▶ **Exercise objective**
Lines with the word "words" are the answer; copy each of them from the data below.

▶ **Records to use**
┌────────

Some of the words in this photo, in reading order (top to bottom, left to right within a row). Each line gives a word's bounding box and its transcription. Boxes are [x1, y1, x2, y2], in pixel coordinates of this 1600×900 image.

└────────
┌────────

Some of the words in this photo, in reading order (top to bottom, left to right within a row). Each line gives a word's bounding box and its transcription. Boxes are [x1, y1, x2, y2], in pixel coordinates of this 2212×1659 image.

└────────
┌────────

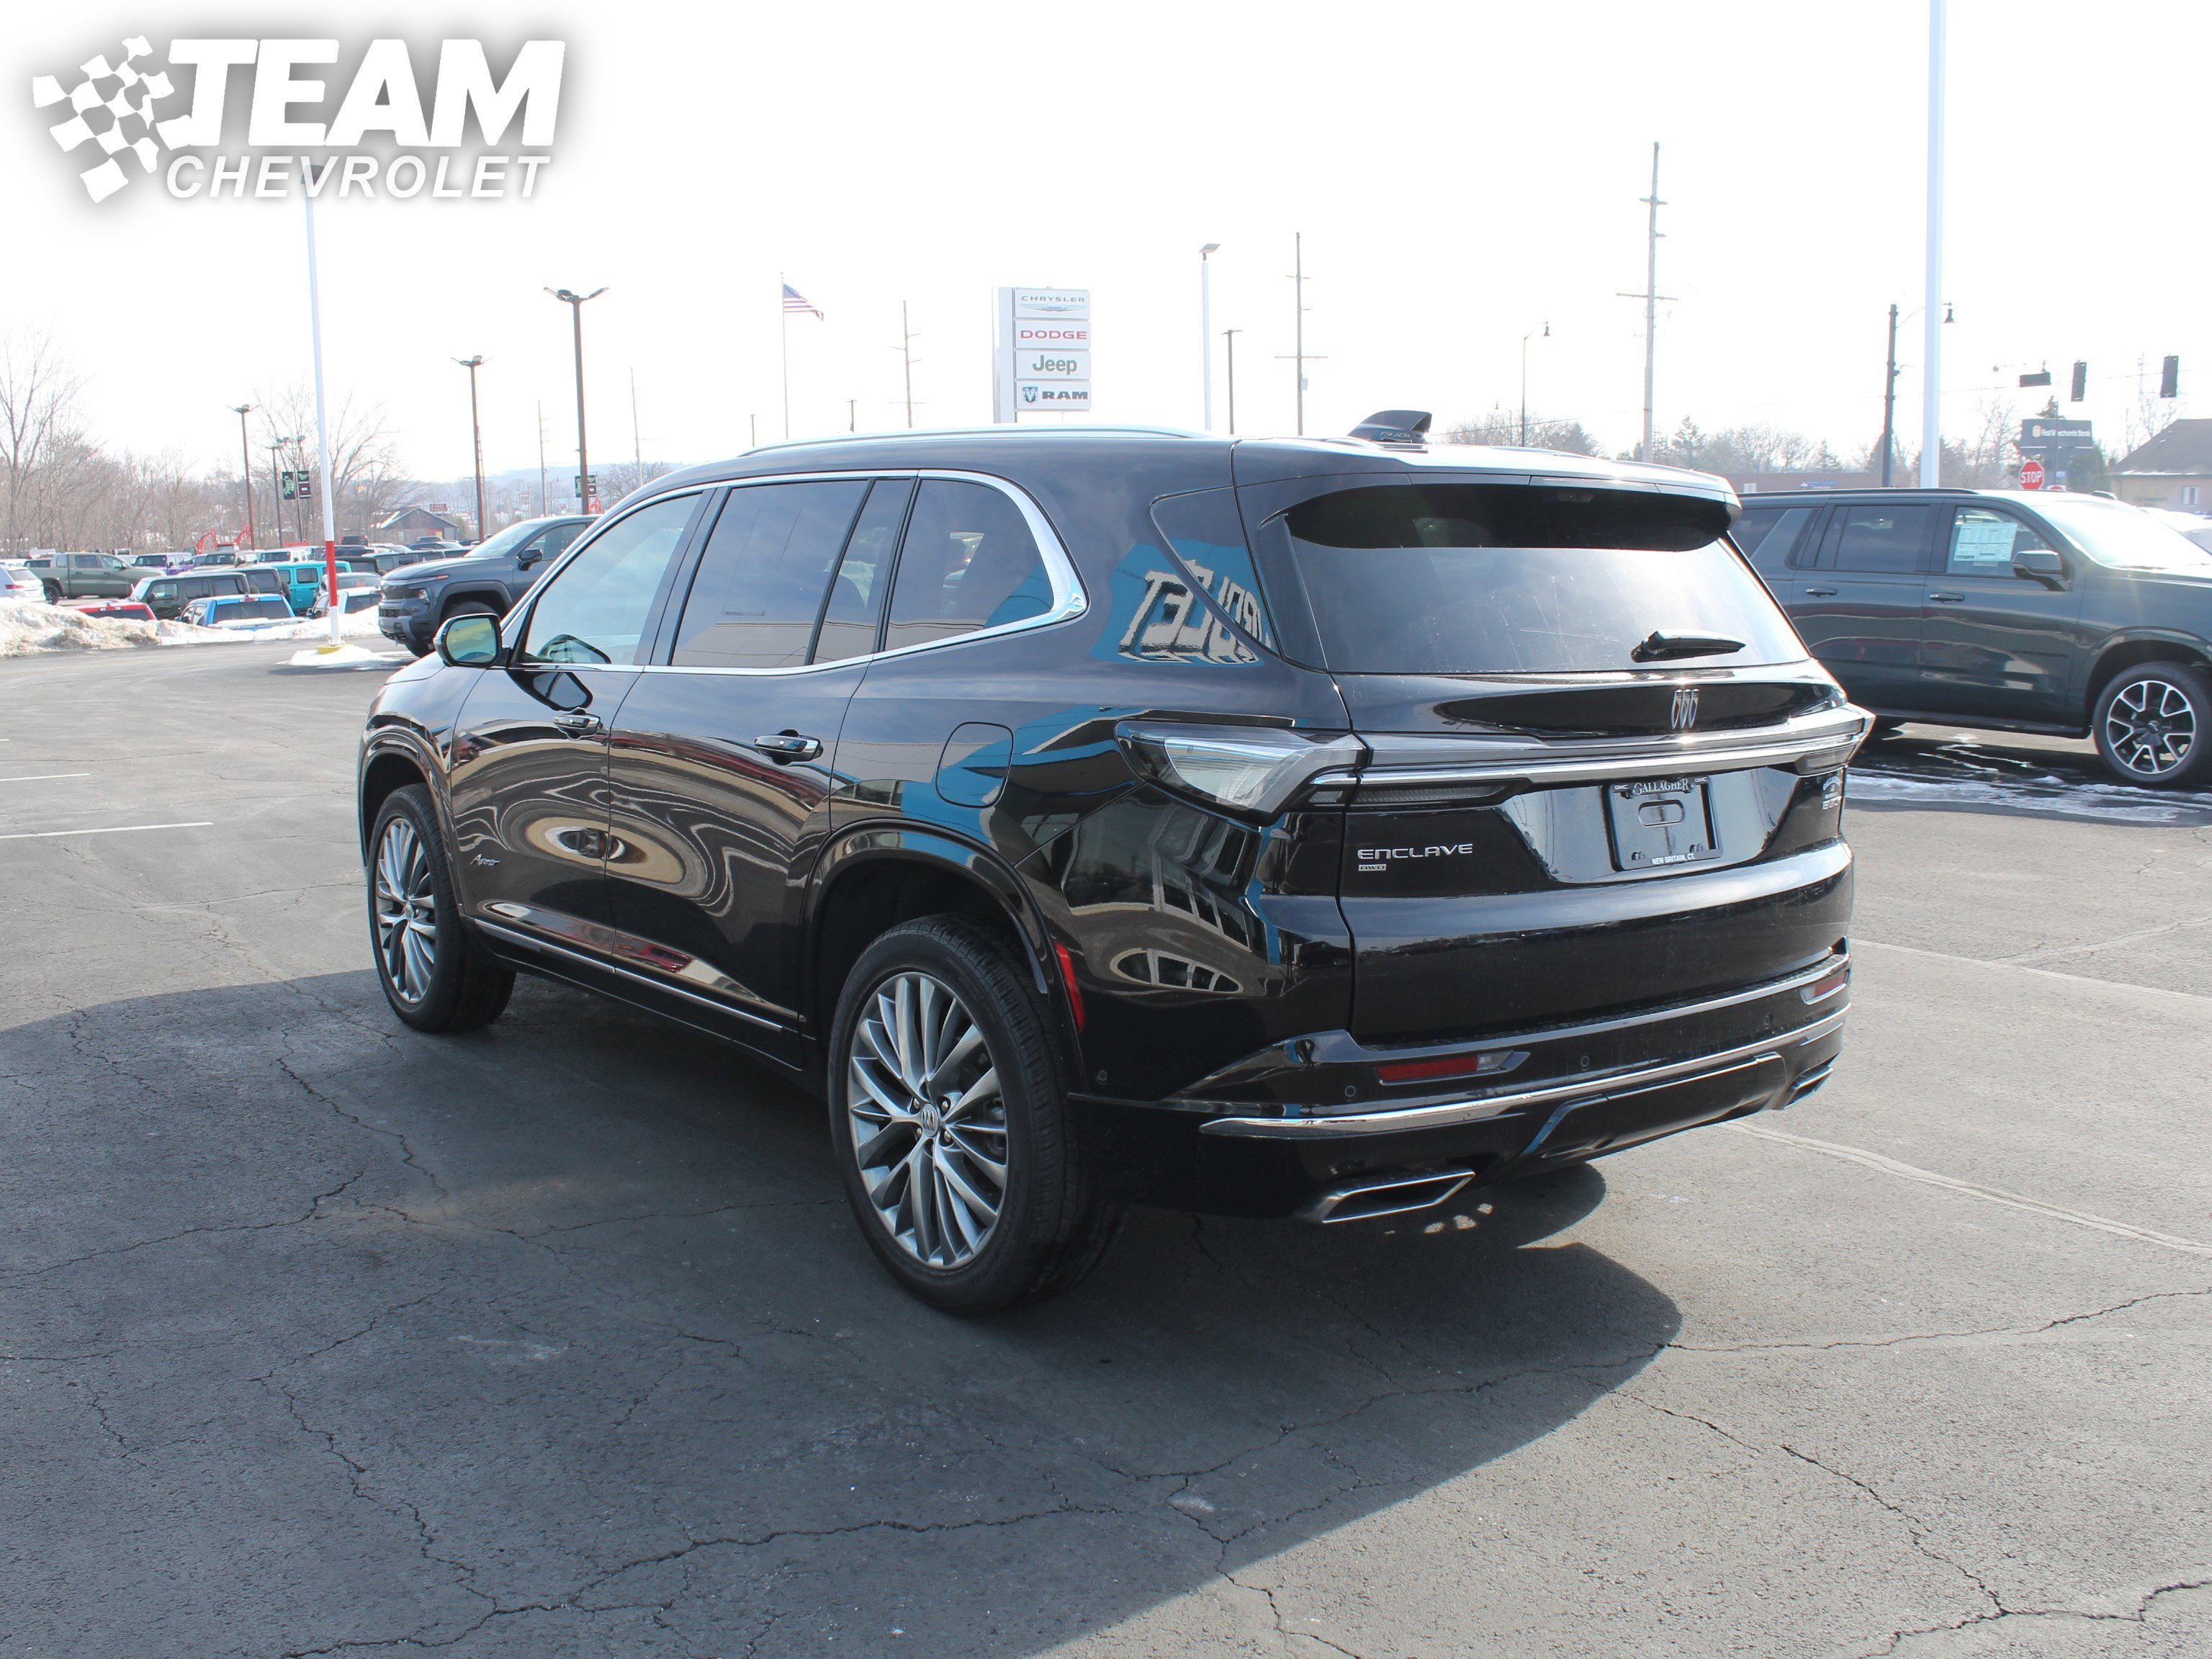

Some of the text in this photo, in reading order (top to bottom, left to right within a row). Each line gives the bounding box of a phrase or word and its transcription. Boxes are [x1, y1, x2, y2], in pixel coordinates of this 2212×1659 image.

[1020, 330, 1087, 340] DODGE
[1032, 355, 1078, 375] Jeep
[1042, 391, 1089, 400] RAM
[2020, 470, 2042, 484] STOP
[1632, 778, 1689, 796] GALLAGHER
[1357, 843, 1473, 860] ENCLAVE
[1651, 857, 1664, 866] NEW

└────────

▶ **Output for this task**
Some of the words in this photo, in reading order (top to bottom, left to right within a row). Each line gives a word's bounding box and its transcription. Boxes are [x1, y1, x2, y2], in pixel coordinates of this 1600×900 image.
Some of the words in this photo, in reading order (top to bottom, left to right within a row). Each line gives a word's bounding box and its transcription. Boxes are [x1, y1, x2, y2], in pixel coordinates of this 2212×1659 image.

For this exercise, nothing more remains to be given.